EXERCISE DATA:

Segment Open

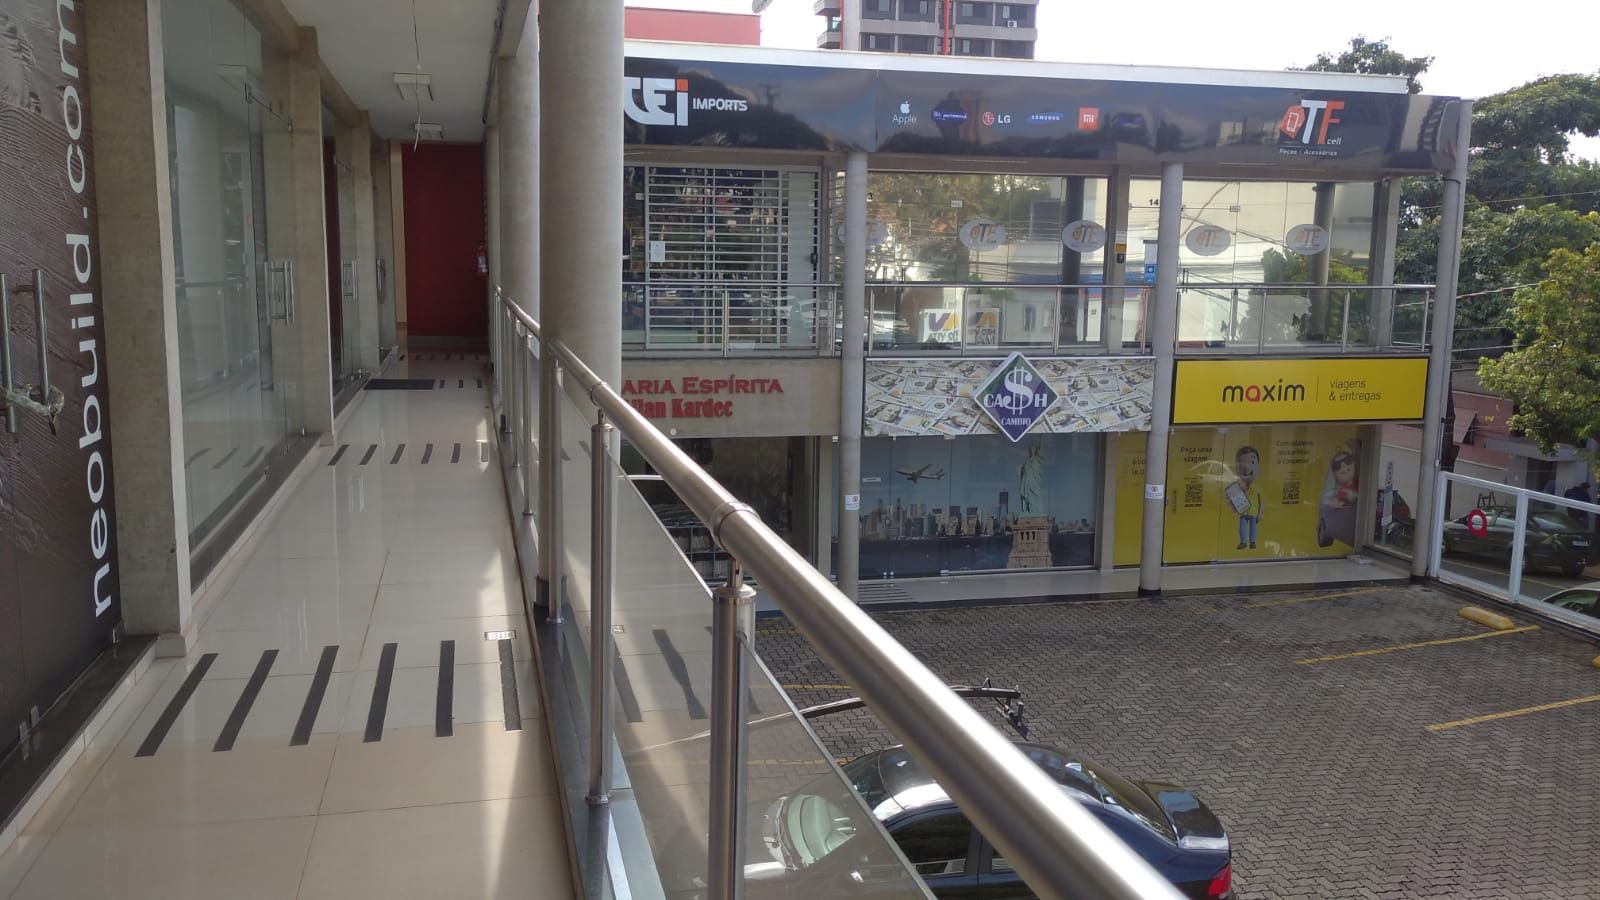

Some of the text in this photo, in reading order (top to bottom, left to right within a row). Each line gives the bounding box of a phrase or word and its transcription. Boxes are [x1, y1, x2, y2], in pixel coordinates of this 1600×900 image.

[692, 98, 748, 112] IMPORTS
[892, 113, 917, 126] Apple
[997, 114, 1011, 124] LG
[1222, 379, 1305, 403] maxim
[1329, 379, 1366, 390] viagens
[1329, 391, 1382, 403] & entregas
[624, 398, 733, 418] llan Kardec

Segment Closed

TASK DIRECTIONS: Retype the entries verbatim and drop the pictures.

RESPONSE TO THIS TASK:
Some of the text in this photo, in reading order (top to bottom, left to right within a row). Each line gives the bounding box of a phrase or word and its transcription. Boxes are [x1, y1, x2, y2], in pixel coordinates of this 1600×900 image.

[692, 98, 748, 112] IMPORTS
[892, 113, 917, 126] Apple
[997, 114, 1011, 124] LG
[1222, 379, 1305, 403] maxim
[1329, 379, 1366, 390] viagens
[1329, 391, 1382, 403] & entregas
[624, 398, 733, 418] llan Kardec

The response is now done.